ARCON: Advancing Auto-Regressive Continuation for Driving Videos
Ruibo Ming, Jingwei Wu, Zhewei Huang, Zhuoxuan Ju, Jianming HU, Lihui Peng, Shuchang Zhou
TL;DR
ARCON addresses long-horizon driving video continuation by leveraging an interleaved token strategy that alternates between semantic and RGB tokens within a large vision model. By using MAGVIT-v2 as a unified tokenizer and introducing a flow-based texture decoder, ARCON learns structural video information while maintaining texture fidelity, enabling minute-scale, coherent driving videos without fine-tuning on target datasets.
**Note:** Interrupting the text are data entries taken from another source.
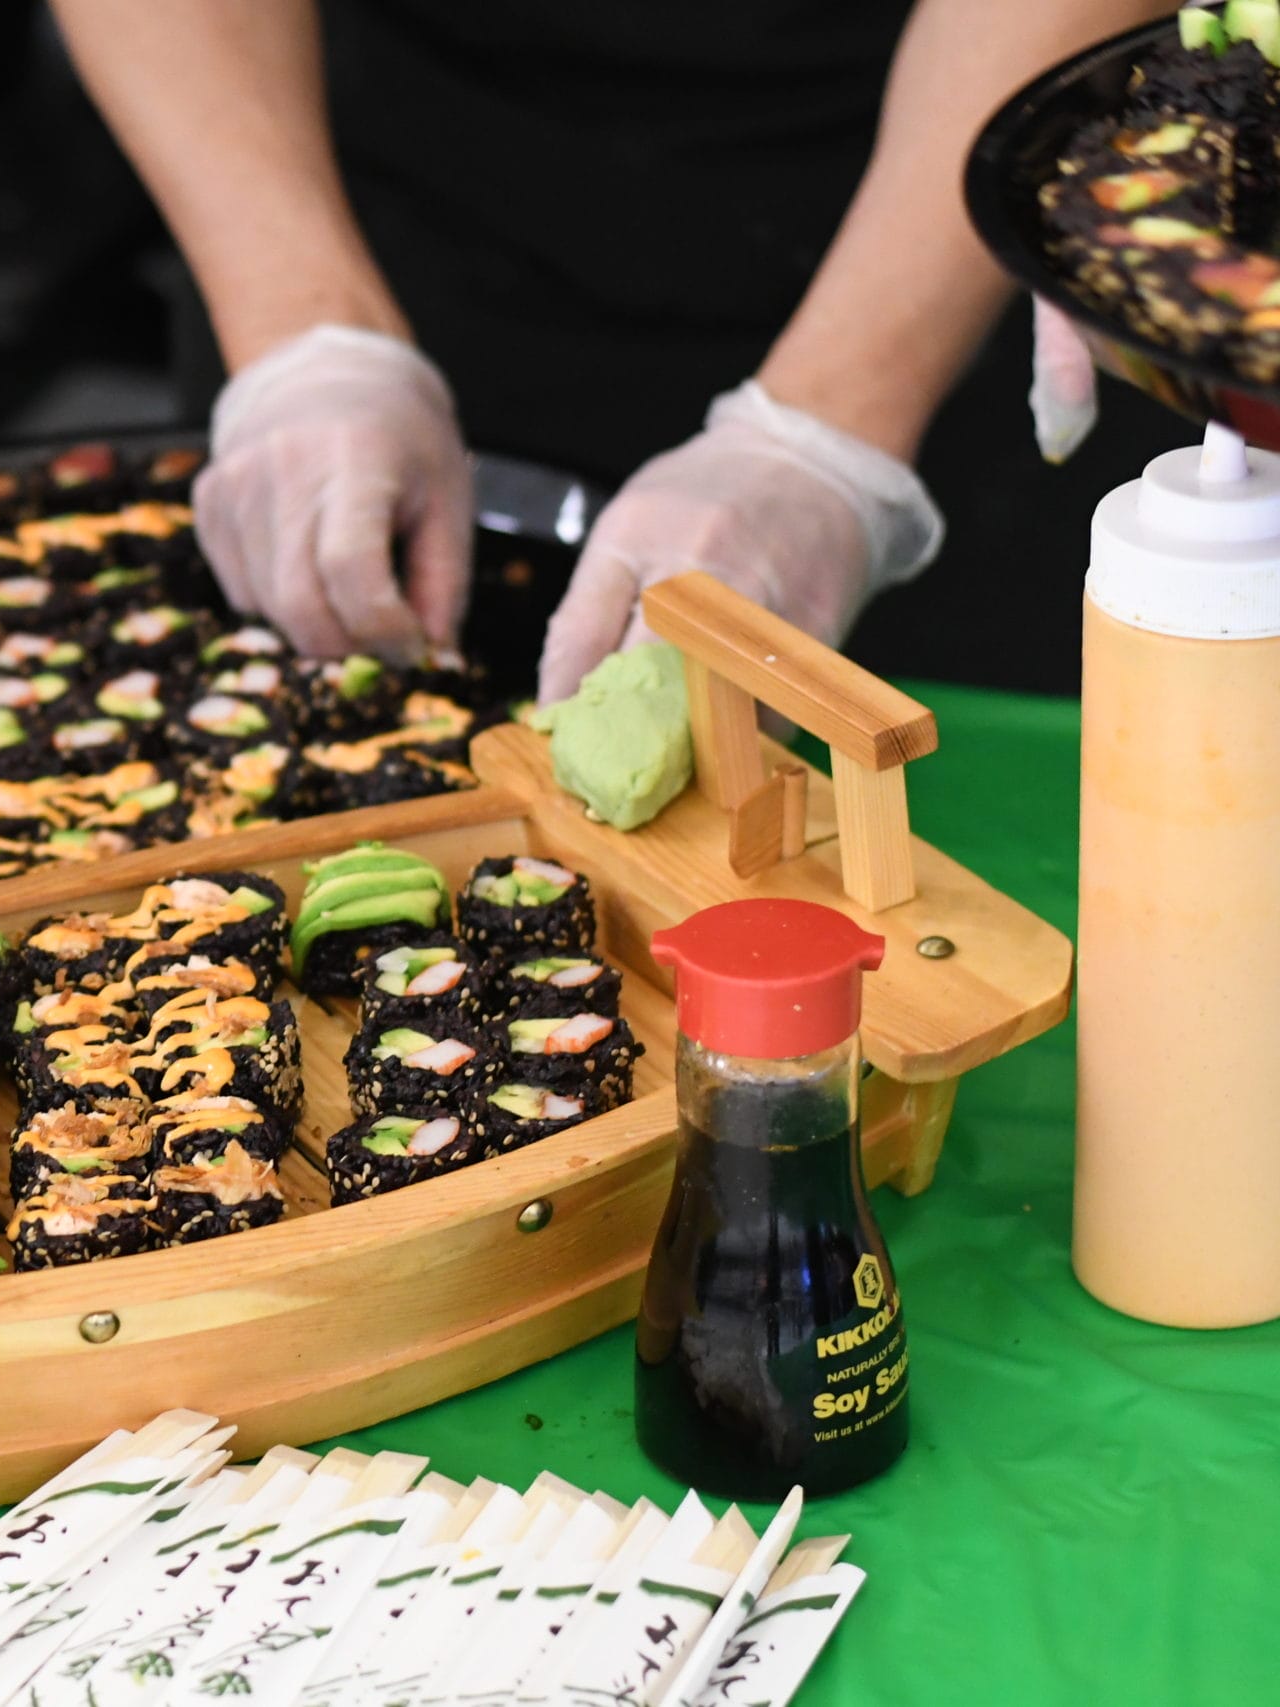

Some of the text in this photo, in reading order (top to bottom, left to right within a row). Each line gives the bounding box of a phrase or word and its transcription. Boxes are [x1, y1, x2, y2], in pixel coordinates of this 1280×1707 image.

[813, 1384, 870, 1418] Soy
[875, 1344, 909, 1395] Sau
[826, 1346, 888, 1384] NATURALLY
[814, 1420, 864, 1443] Visit us at
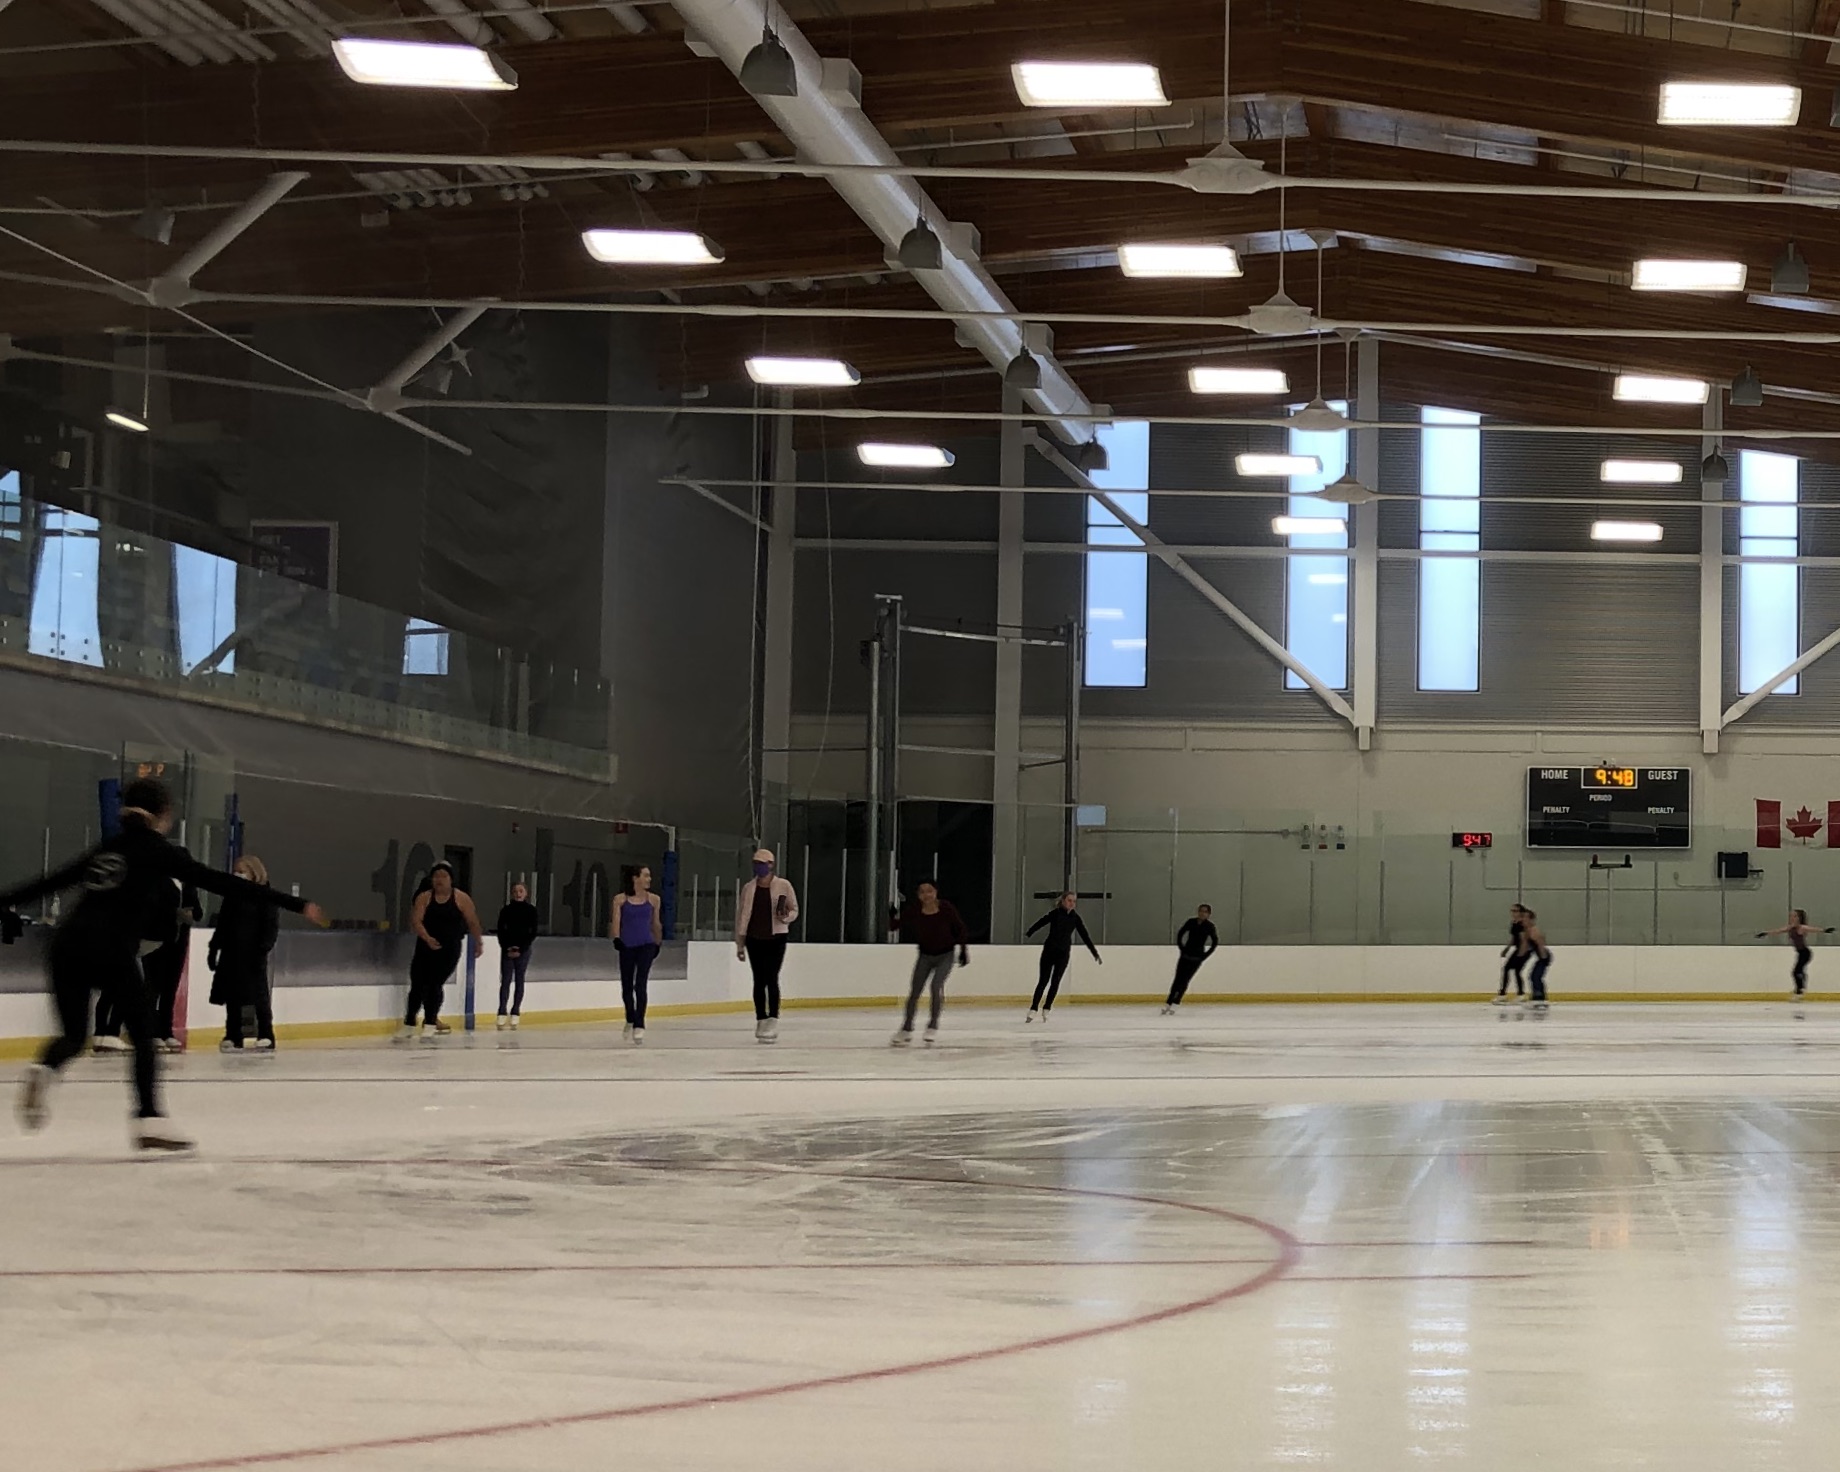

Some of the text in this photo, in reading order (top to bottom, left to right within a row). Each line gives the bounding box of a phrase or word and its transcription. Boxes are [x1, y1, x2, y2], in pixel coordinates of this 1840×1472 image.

[1541, 769, 1569, 780] HOME
[1595, 769, 1634, 787] 9:48
[1648, 770, 1679, 780] GUEST
[1589, 794, 1613, 802] PERIOD
[1542, 806, 1571, 814] PENALTY
Key findings include strong temporal consistency, high semantic-RGB correspondence, and competitive Fréchet Video Distance (FVD) results on nuScenes, with qualitative demonstrations of diverse futures and autonomous-driving knowledge. The work advances token-based video generation for world models in autonomous driving, offering a scalable path toward emergent planning and prediction capabilities in real-world driving scenarios.
Abstract
Recent advancements in auto-regressive large language models (LLMs) have led to their application in video generation. This paper explores the use of Large Vision Models (LVMs) for video continuation, a task essential for building world models and predicting future frames. We introduce ARCON, a scheme that alternates between generating semantic and RGB tokens, allowing the LVM to explicitly learn high-level structural video information. We find high consistency in the RGB images and semantic maps generated without special design. Moreover, we employ an optical flow-based texture stitching method to enhance visual quality. Experiments in autonomous driving scenarios show that our model can consistently generate long videos.